If we take the problems of ontology-defined similarity and 1-to-1 correspondence, we define assumptions for a confusion-matrix-like analysis tool for the weakly-labelled hierarchical scenario:
Assumption (1) 1-to-1 true positive correspondence: If a label is present both in the prediction and gold-standard sets for a document, this is considered a True Positive, and is removed from mismatch calculation.
Assumption (2) keeping it within the family: Disregarding true positives, non-true-positive codes in the prediction set are matched with non-true-postive codes in gold standard set, within the same family of codes. That is to say, if A.1, A.2, B.1 are predicted and A.1, A.3, B.2, are expected, there is a match A.1-A.1, the mismatches are A.2-A.3 (belonging to the A-family), and B.1-B.2 (belonging to the B-family).

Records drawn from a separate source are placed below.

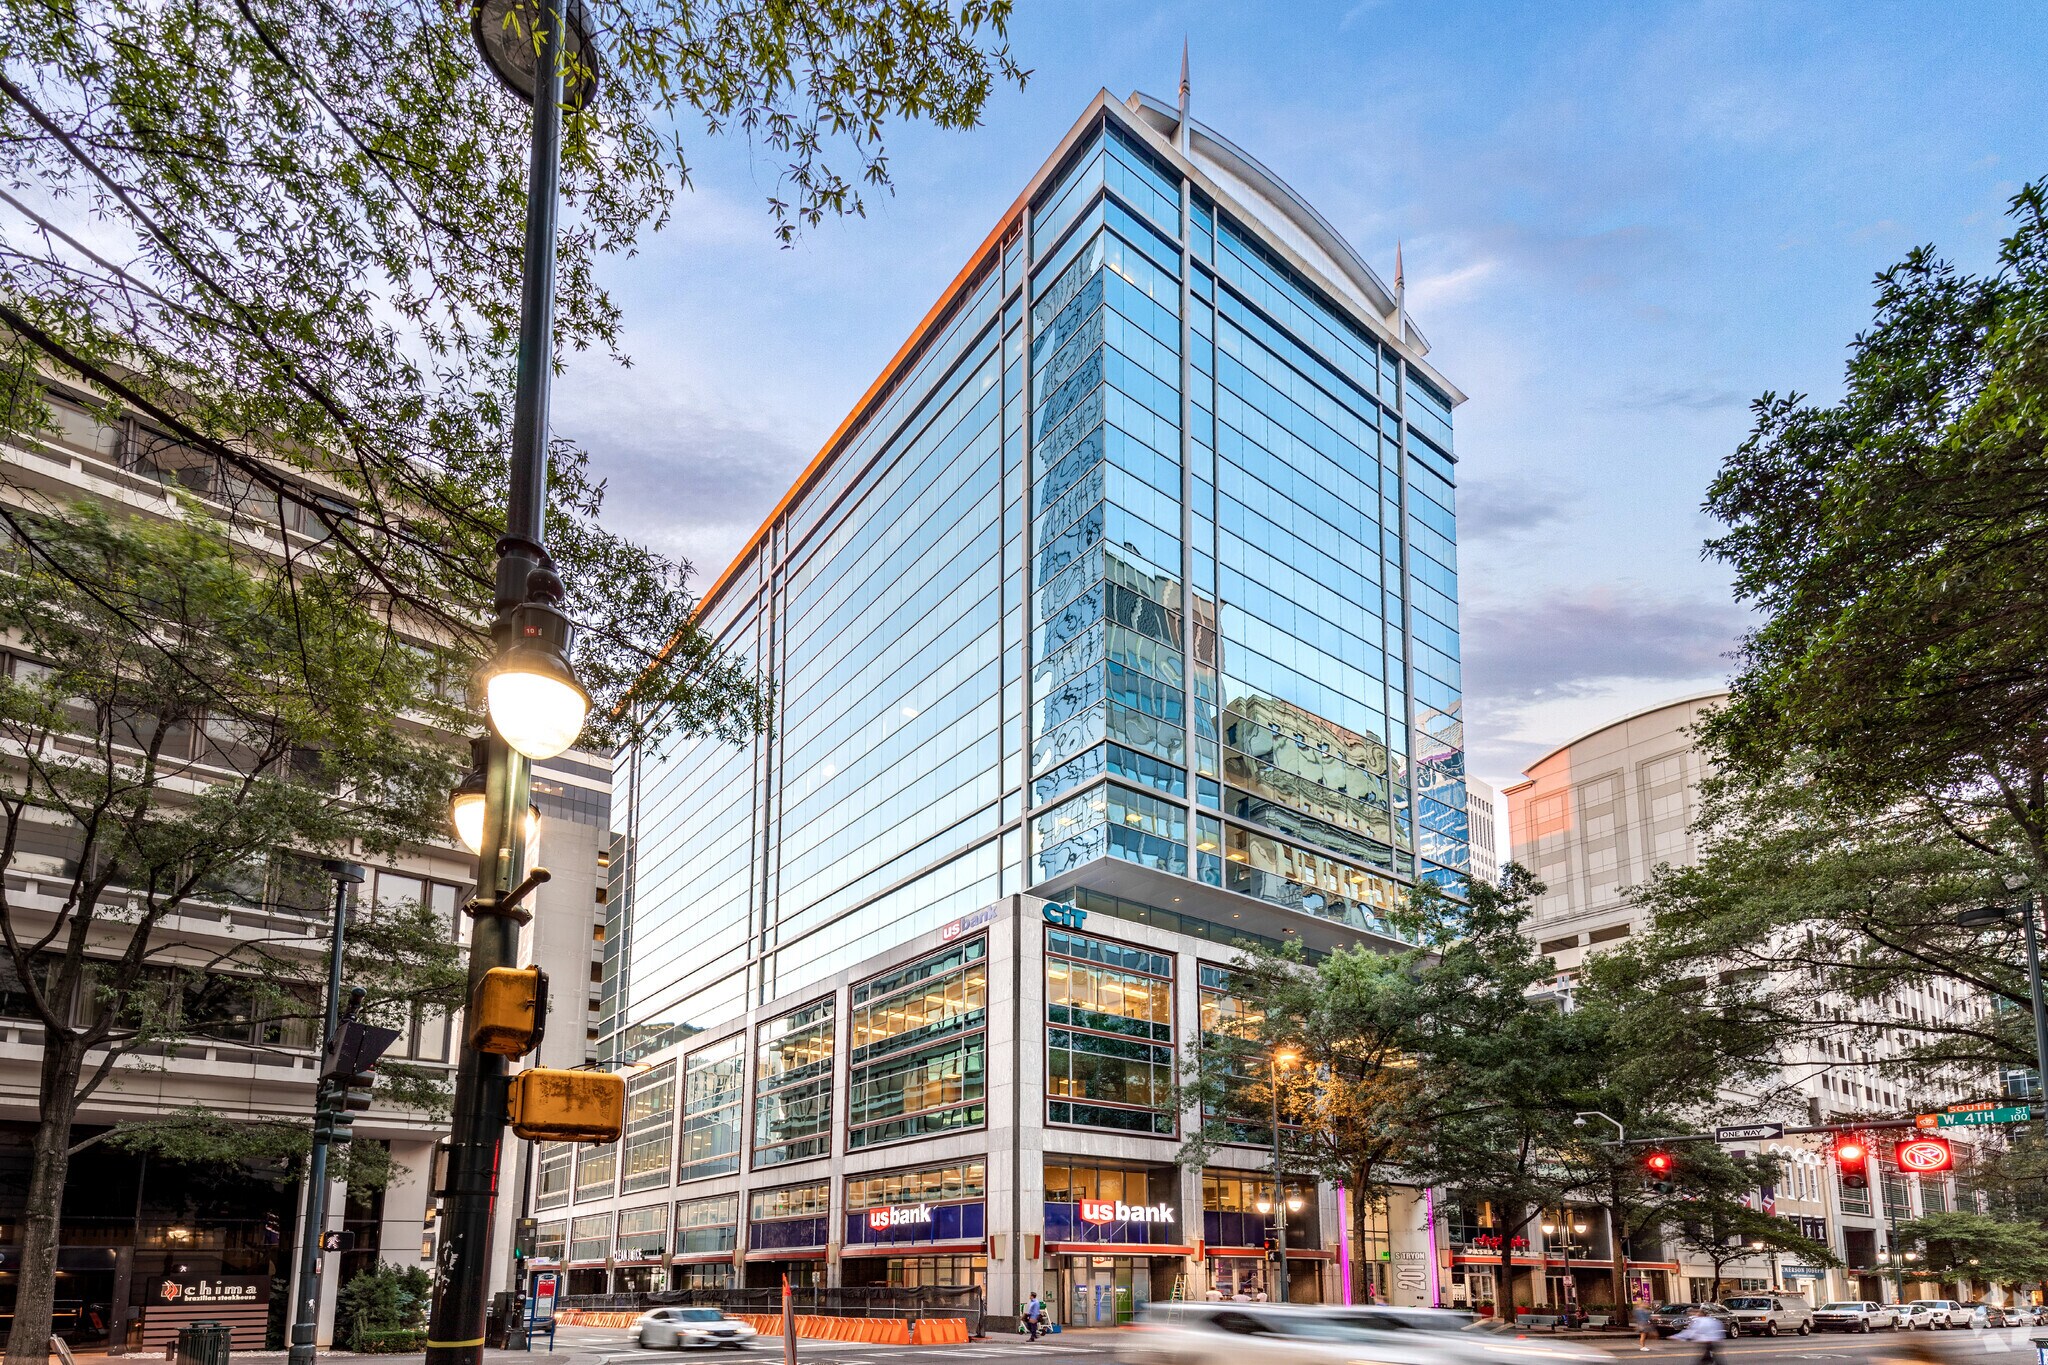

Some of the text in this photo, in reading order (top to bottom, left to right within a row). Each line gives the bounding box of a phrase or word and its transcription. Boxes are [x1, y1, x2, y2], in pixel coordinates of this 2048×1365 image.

[1949, 1102, 1994, 1113] SOUTH
[2015, 1106, 2026, 1114] ST
[1942, 1111, 1995, 1125] W. 4TH
[2010, 1113, 2028, 1122] 100
[1722, 1129, 1761, 1139] ONE WAY
[1402, 1252, 1425, 1260] TRYON
[1396, 1264, 1426, 1290] 201
[184, 1280, 257, 1295] chima

Assumption (3) Out-Of-Family Scenario: If during mismatch calculation a code from one of the prediction/gold set cannot be match with any code from the other, as there is no code from that family present in the set, the code is associated with a special OOF code. For instance, if A.1, A.2, B.1 are predicted and A.1, A.3 are expected, A.1-A.1 are a match, A.2-A.3 are a mismatch, and as B.1 does not have a counterpart in the expected set, B.1 is associated with an OOF as mismatch (B.1-OOF).

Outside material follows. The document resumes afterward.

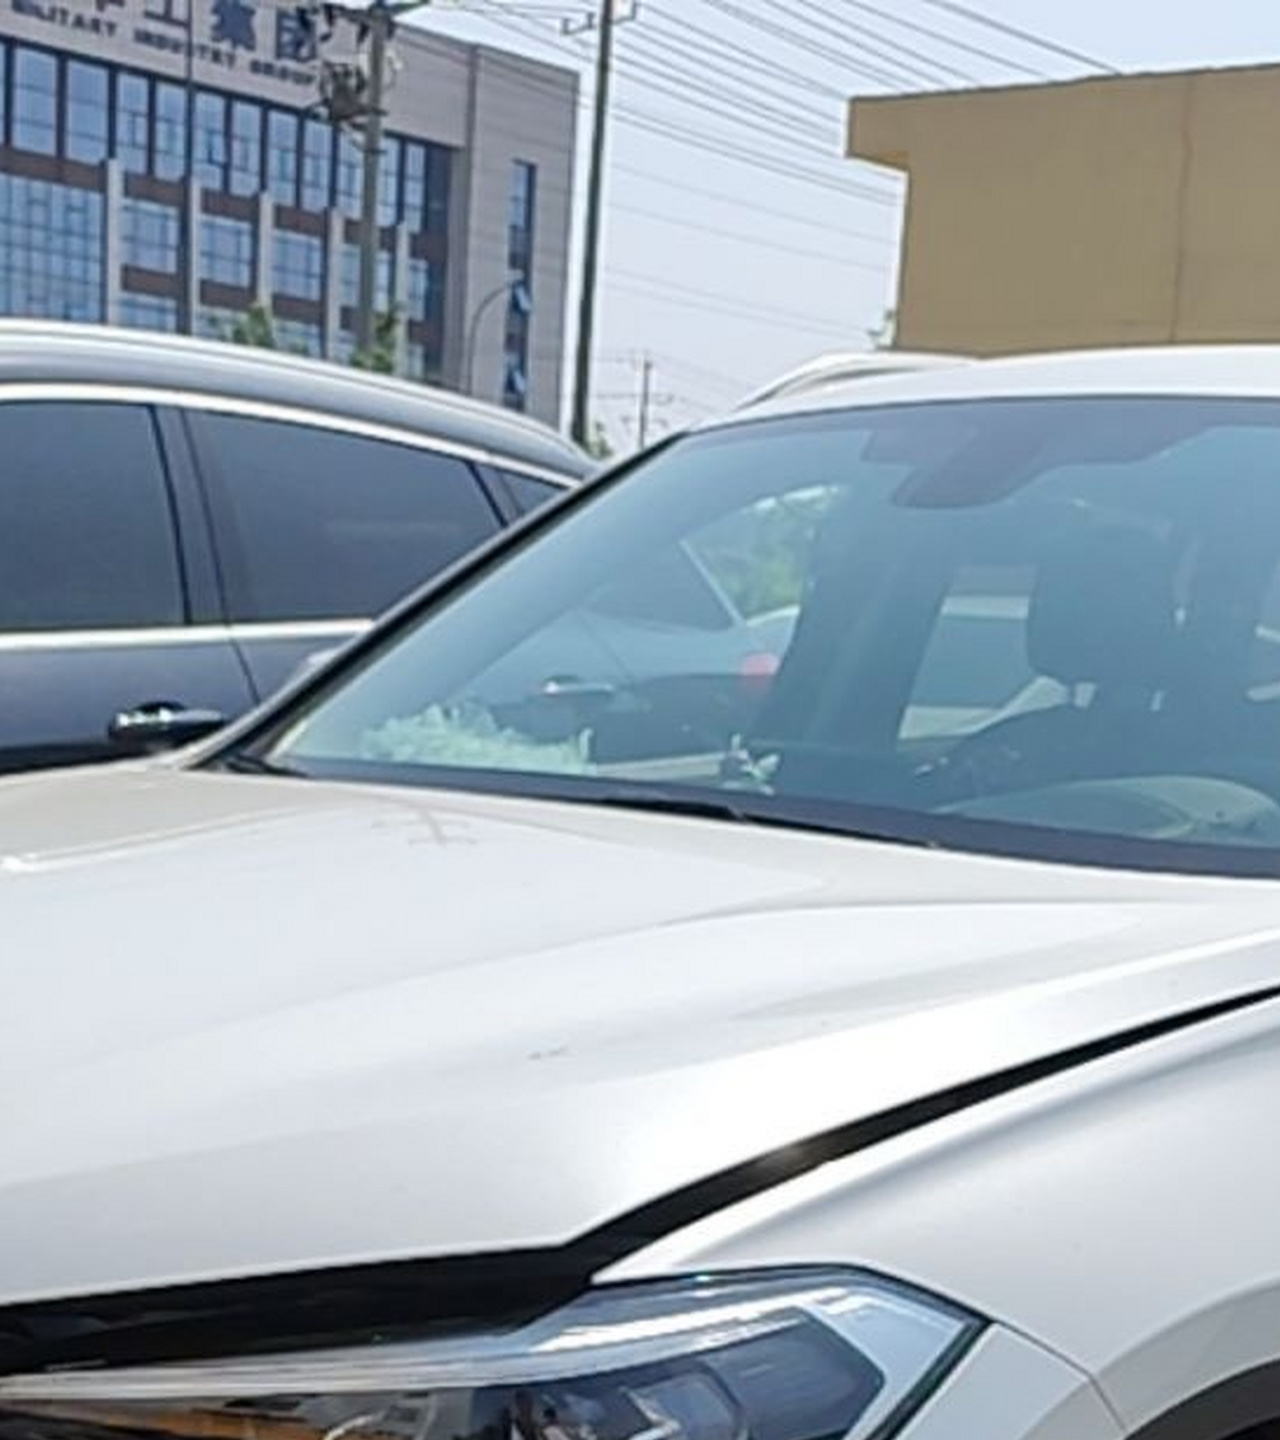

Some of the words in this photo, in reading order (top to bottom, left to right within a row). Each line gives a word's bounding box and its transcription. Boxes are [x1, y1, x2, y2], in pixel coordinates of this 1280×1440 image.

For each family of codes we can derive a confusion matrix following these rules. That matrix can then be interpreted for different pruposes. We present a setup where the confusion matrices are used for assessing if a model predicts a certain code, if it is more likely to be the correct expected code, or if the gold standard is more likely to have a mismatched sibling code, or even an OOF. The same approach can be re-used (through transposed) to determine, given a gold standard label, which code from the same family is most likely to be predicted and whether that prediction would be a match.